TASK REQUIREMENTS - The reply should contain every entry exactly as given, with no pictures in it.

DATA TO USE -
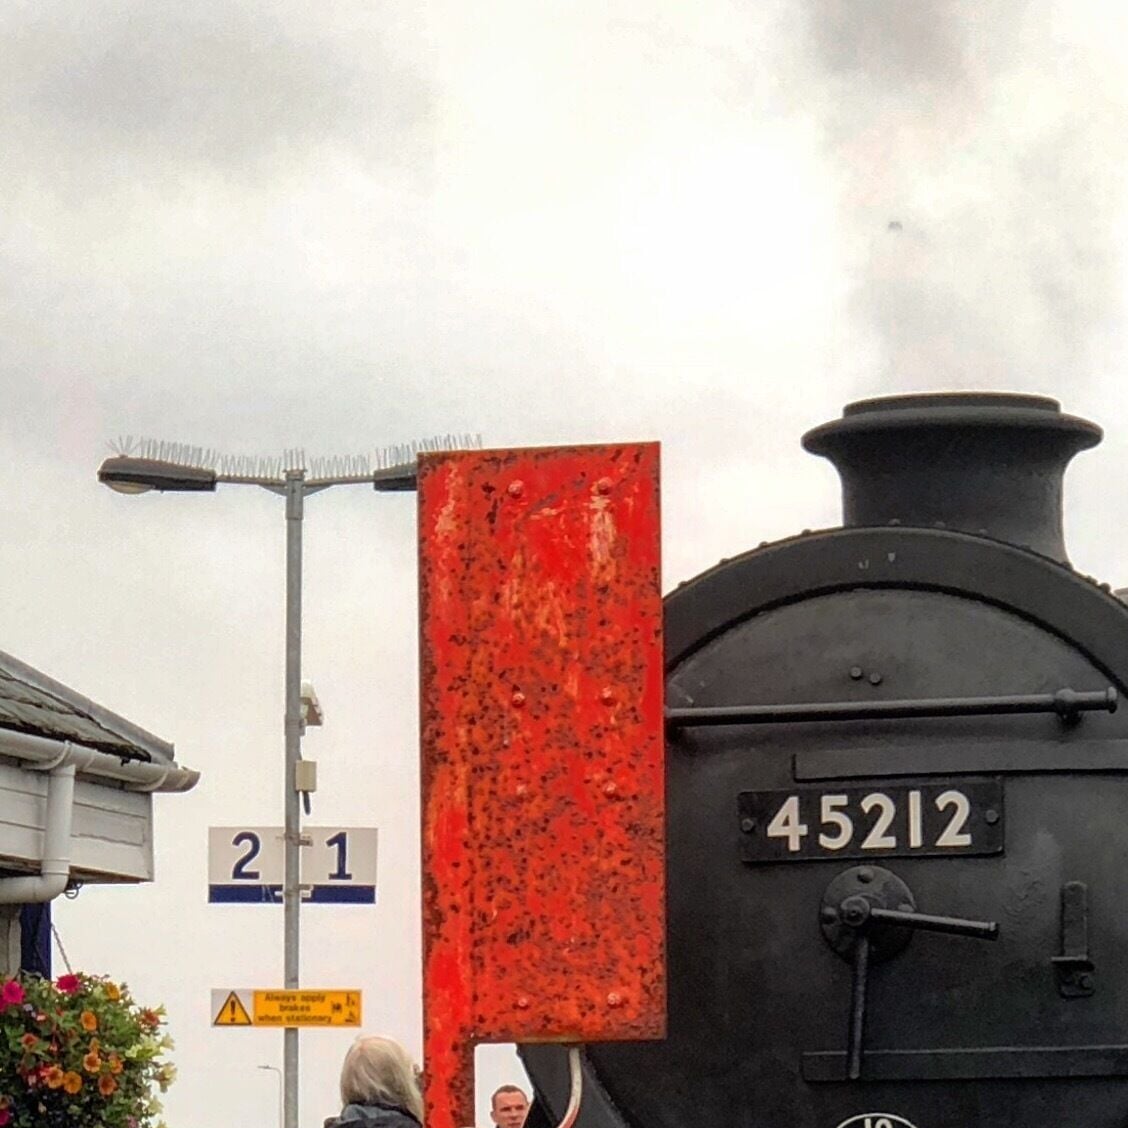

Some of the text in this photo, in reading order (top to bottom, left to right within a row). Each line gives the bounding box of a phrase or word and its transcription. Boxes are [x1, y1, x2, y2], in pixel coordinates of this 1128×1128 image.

[766, 790, 972, 851] 45212
[232, 831, 261, 880] 2
[326, 831, 352, 880] 1
[265, 991, 326, 1003] Always apply
[279, 1003, 311, 1012] brakes
[258, 1014, 332, 1024] when stationary
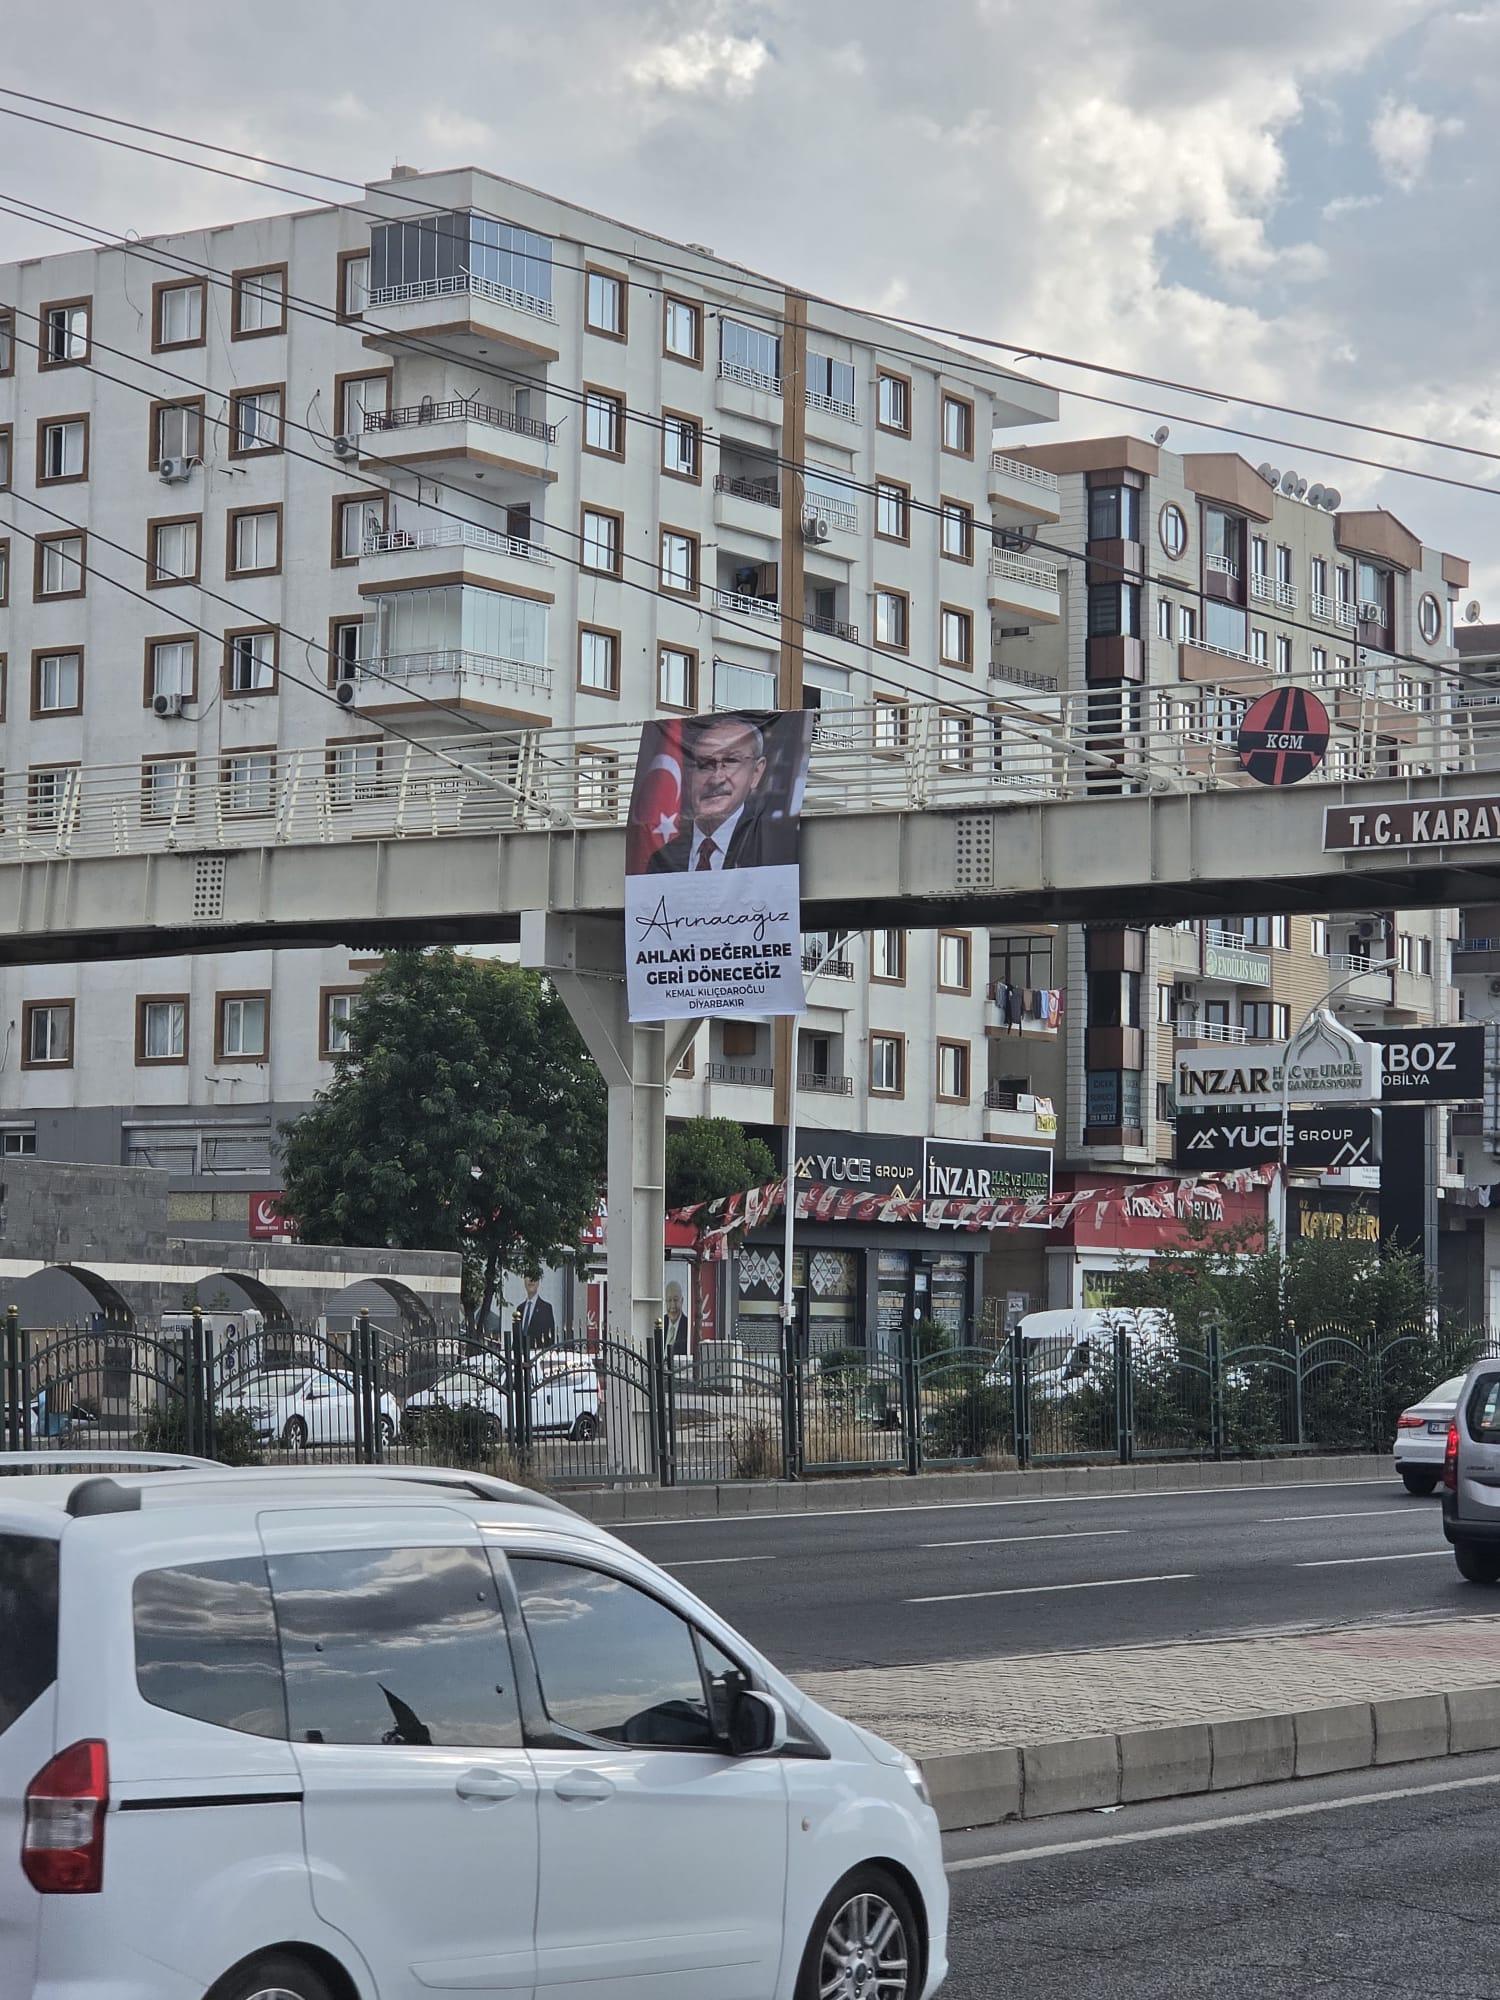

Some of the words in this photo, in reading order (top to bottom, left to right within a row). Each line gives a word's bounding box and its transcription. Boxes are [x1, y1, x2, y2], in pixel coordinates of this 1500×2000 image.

[1265, 733, 1304, 750] KGM
[1349, 813, 1401, 845] T.C.
[635, 895, 789, 942] Arınacağız
[636, 944, 695, 964] AHLAKİ
[700, 942, 792, 961] DEĞERLERE
[646, 966, 683, 985] GERİ
[688, 961, 781, 982] DÖNECEĞİZ
[1217, 953, 1248, 980] ENDÜLÜS
[665, 988, 695, 998] KEMAL
[698, 985, 765, 998] KILIÇDAROĞLU
[689, 998, 744, 1009] DİYARBAKIR
[1381, 1042, 1457, 1072] BOZ
[1179, 1061, 1271, 1097] İNZAR
[1381, 1072, 1431, 1087] OBİLYA
[1298, 1129, 1353, 1142] GROUP
[875, 1165, 914, 1179] GROUP
[928, 1155, 992, 1198] İNZAR
[991, 1170, 1010, 1186] HAC
[1021, 1172, 1048, 1188] UMRE

FINAL ANSWER -
Some of the text in this photo, in reading order (top to bottom, left to right within a row). Each line gives the bounding box of a phrase or word and its transcription. Boxes are [x1, y1, x2, y2], in pixel coordinates of this 1128×1128 image.

[766, 790, 972, 851] 45212
[232, 831, 261, 880] 2
[326, 831, 352, 880] 1
[265, 991, 326, 1003] Always apply
[279, 1003, 311, 1012] brakes
[258, 1014, 332, 1024] when stationary

Some of the words in this photo, in reading order (top to bottom, left to right within a row). Each line gives a word's bounding box and its transcription. Boxes are [x1, y1, x2, y2], in pixel coordinates of this 1500×2000 image.

[1265, 733, 1304, 750] KGM
[1349, 813, 1401, 845] T.C.
[635, 895, 789, 942] Arınacağız
[636, 944, 695, 964] AHLAKİ
[700, 942, 792, 961] DEĞERLERE
[646, 966, 683, 985] GERİ
[688, 961, 781, 982] DÖNECEĞİZ
[1217, 953, 1248, 980] ENDÜLÜS
[665, 988, 695, 998] KEMAL
[698, 985, 765, 998] KILIÇDAROĞLU
[689, 998, 744, 1009] DİYARBAKIR
[1381, 1042, 1457, 1072] BOZ
[1179, 1061, 1271, 1097] İNZAR
[1381, 1072, 1431, 1087] OBİLYA
[1298, 1129, 1353, 1142] GROUP
[875, 1165, 914, 1179] GROUP
[928, 1155, 992, 1198] İNZAR
[991, 1170, 1010, 1186] HAC
[1021, 1172, 1048, 1188] UMRE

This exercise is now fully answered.